Spiritually American as much as anything else, nurtured by re-runs of the Brady Brunch after school, taken over by countless musical and cinematic obsessions emanating from those shores, my lack of citizenship of that country exists only in the physical realm – in the realm of the senses, my American passport feels as valid to me as the Australian passport which I can actually hold in my hand.
Somewhat paradoxically, this explains my not having actually set one of my bodily feet on United States soil as yet.
The need was not as keenly felt. The challenges artistic, linguistic and practical that awaited in climes as diverse as Kenya, Tunisia, Italy, France and Japan beckoned with a little more intensity, because of the very fact that they didn’t pulsate with the warm familiarity I had grown up with. They cried out to me with their differentness, while America smelled comfortingly like home, almost to the extent that it seemed like a place it was time venture out into the world from, with the result that it suddenly feels implausibly weird not to have been there. A pilgrimage, a homecoming to the inspirational places that were instrumental in my emotional development is well and truly overdue.
More so than ever after the history made on November 04, 2008.
The cultural cringe I sensed around me growing up in Australia and the voices that proclaimed indignation at the sense of being culturally colonised/colonized by American culture were not things I really bought into, even when I started to feel somewhat torn between my Britishness and my Americanness.
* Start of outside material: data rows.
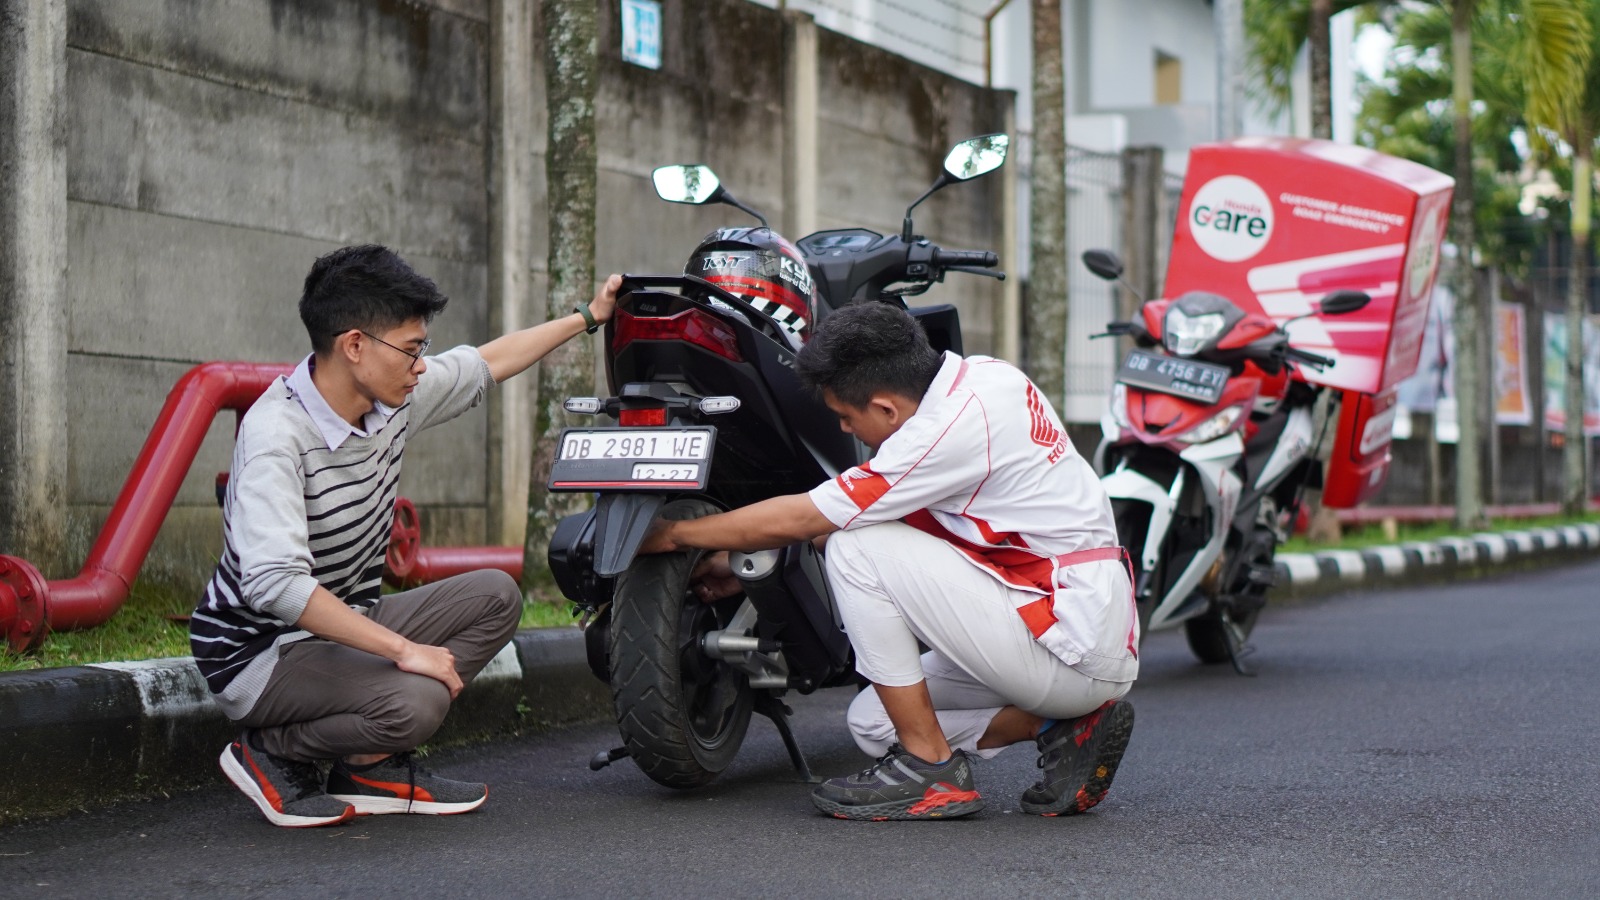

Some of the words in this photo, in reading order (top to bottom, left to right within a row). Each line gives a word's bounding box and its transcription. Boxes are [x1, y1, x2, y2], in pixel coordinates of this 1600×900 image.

[1280, 192, 1338, 213] CUSTOMER
[1340, 204, 1405, 227] ASSISTANCE
[1292, 206, 1322, 221] ROAD
[1324, 211, 1389, 234] EMERGENCY
[703, 256, 750, 270] KYT
[1128, 354, 1149, 371] DB
[1157, 360, 1195, 380] 4756
[1200, 369, 1220, 386] FY
[566, 438, 590, 459] DB
[603, 437, 657, 457] 2981
[673, 436, 702, 457] WE
At this point, being dislocated from the land of my upbringing and living in a land where the predominant language is not my native one has done much to heighten that Americanness residing within.
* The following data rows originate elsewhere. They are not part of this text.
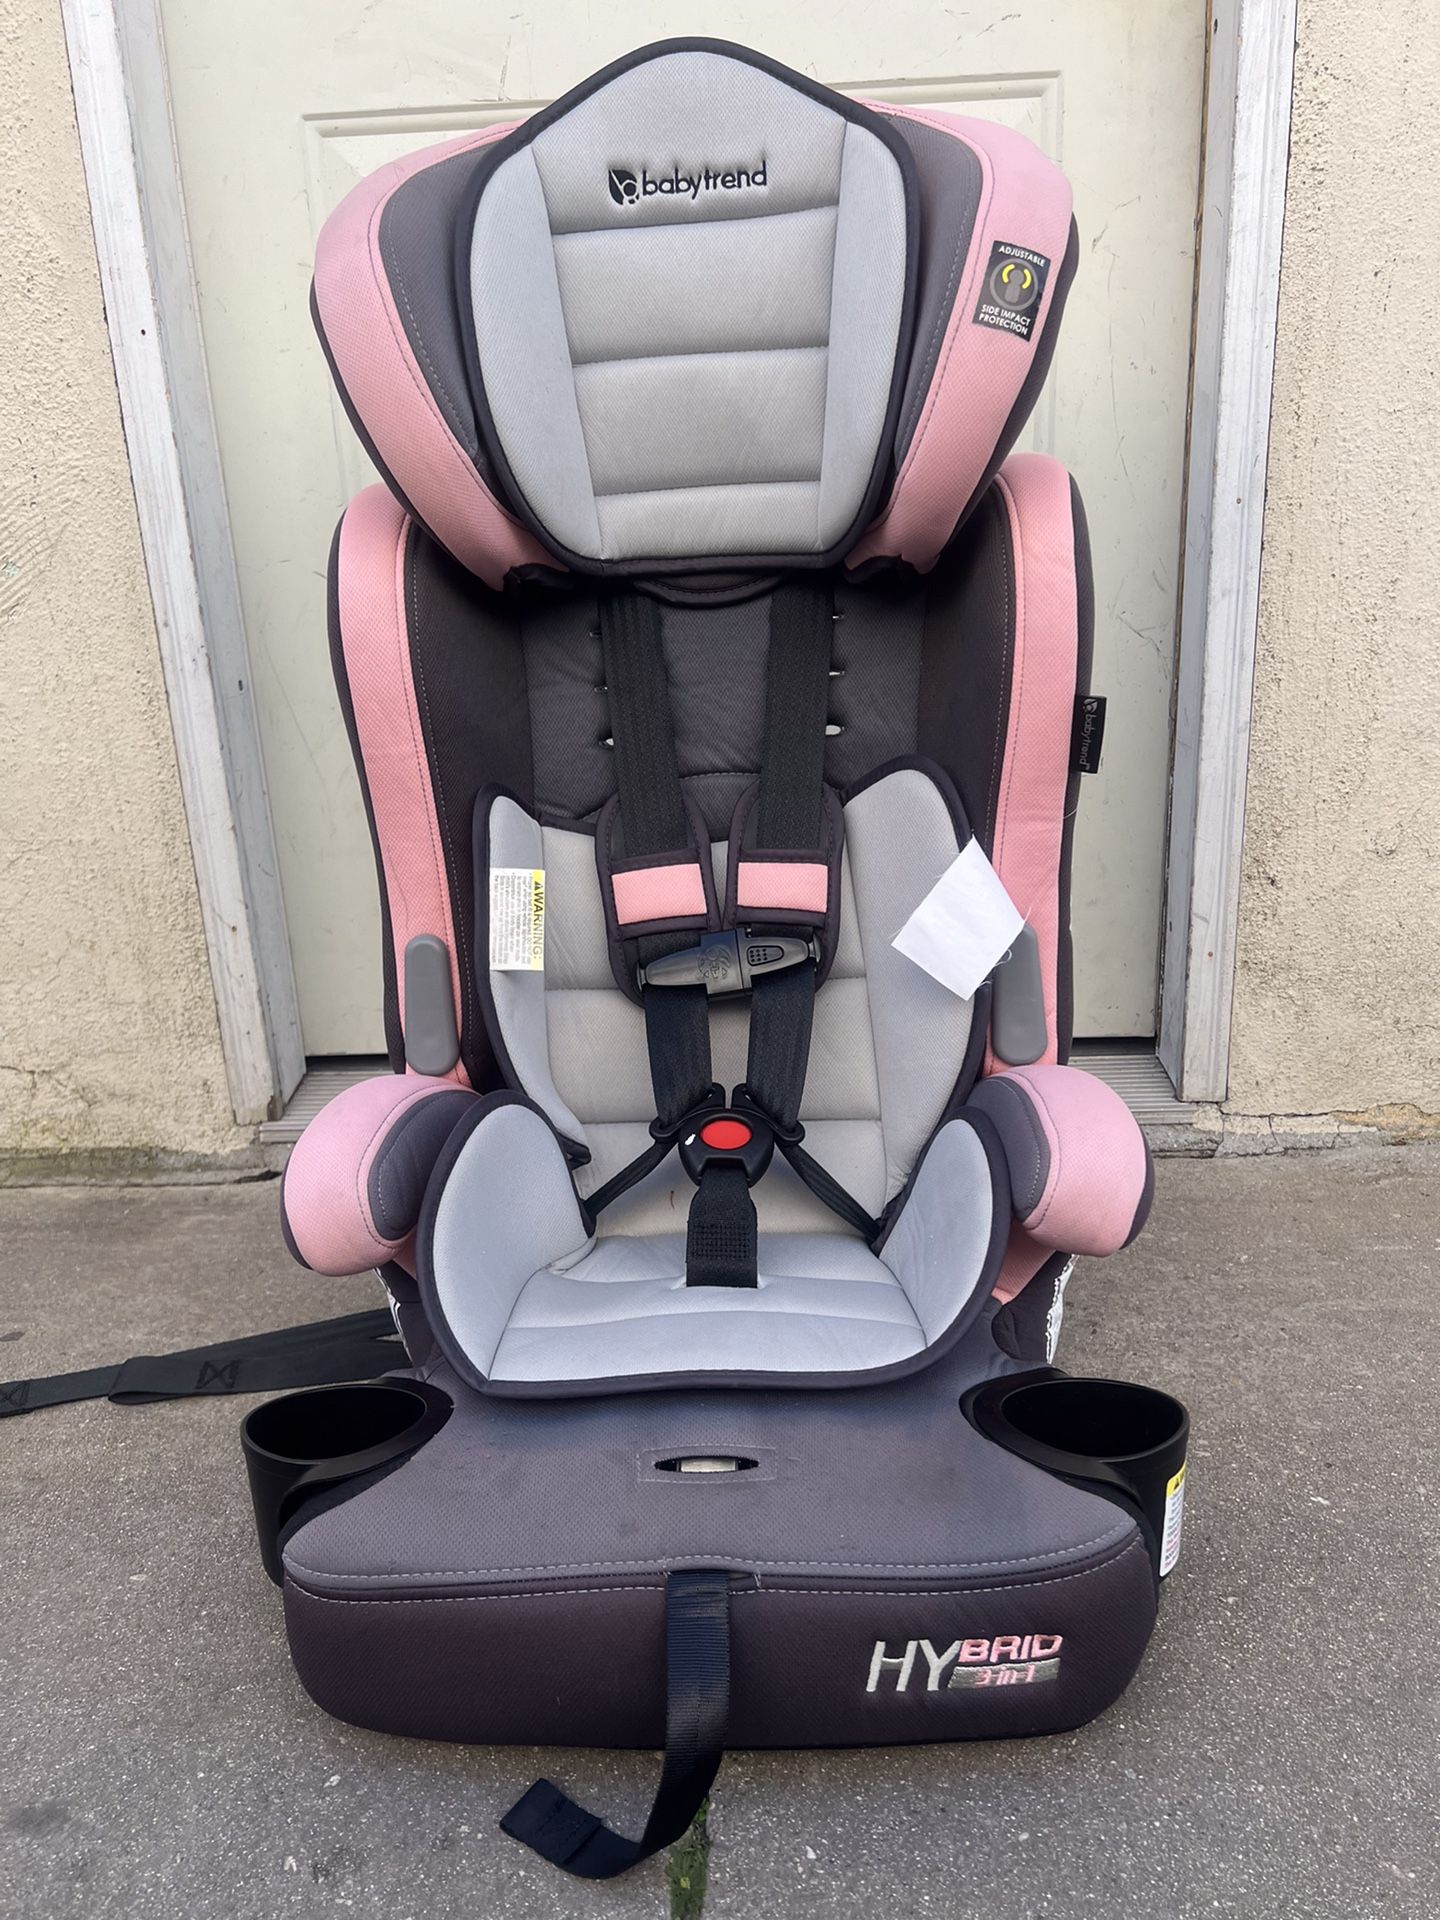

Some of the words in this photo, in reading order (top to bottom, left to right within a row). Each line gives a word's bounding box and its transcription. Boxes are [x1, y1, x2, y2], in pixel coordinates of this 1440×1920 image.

[642, 159, 767, 200] babytrend
[998, 245, 1046, 267] ADJUSTABLE
[978, 313, 1028, 335] PROTECTION
[981, 304, 999, 315] SIDE
[1000, 308, 1031, 326] IMPACT
The country’s global centrality in multiple domains, both measurable and otherwise is striking, unavoidable. It is the Emerald City to the world’s Oz, from its blockbusterness and dazzling shine all the way down to its shortcomings and tricks with mirrors.
Although not technically a citizen of these United States, I dream of united states to which we can all belong.
And we all took a major step forward on November 04. Humanity, though some of it needed/needs to be dragged kicking and screaming in the direction of tangible, meaningful civilization/civilization did move forward on that day. Neil Armstrong’s “giant leap” was miniscule by comparison.
Truly, I didn’t feel it in my bones that we’d see it in my lifetime, though I dared to dream.
I felt a buzz of hope rekindled for humanity. I could sleep that night for the first time in years soundly, finally given a smidgeon of evidence that evil does not always ultimately win through.
The guy is president! And a heartfelt hallelujah to that! Whatever your religious persuasion, or lack thereof.
The guy we needed, waited for.
He is a human and he is a politician. This leaves lots of room for perfection to be wanting on both counts. But just as the face of evil is being increasingly recognized/recognized as banal, charming, even well-meaning, given that its basis is more often maladjustedness and misguidedness than malevolence, equally can it be said that forces of true righteousness in a mundane reality are seldom angelic or flawless.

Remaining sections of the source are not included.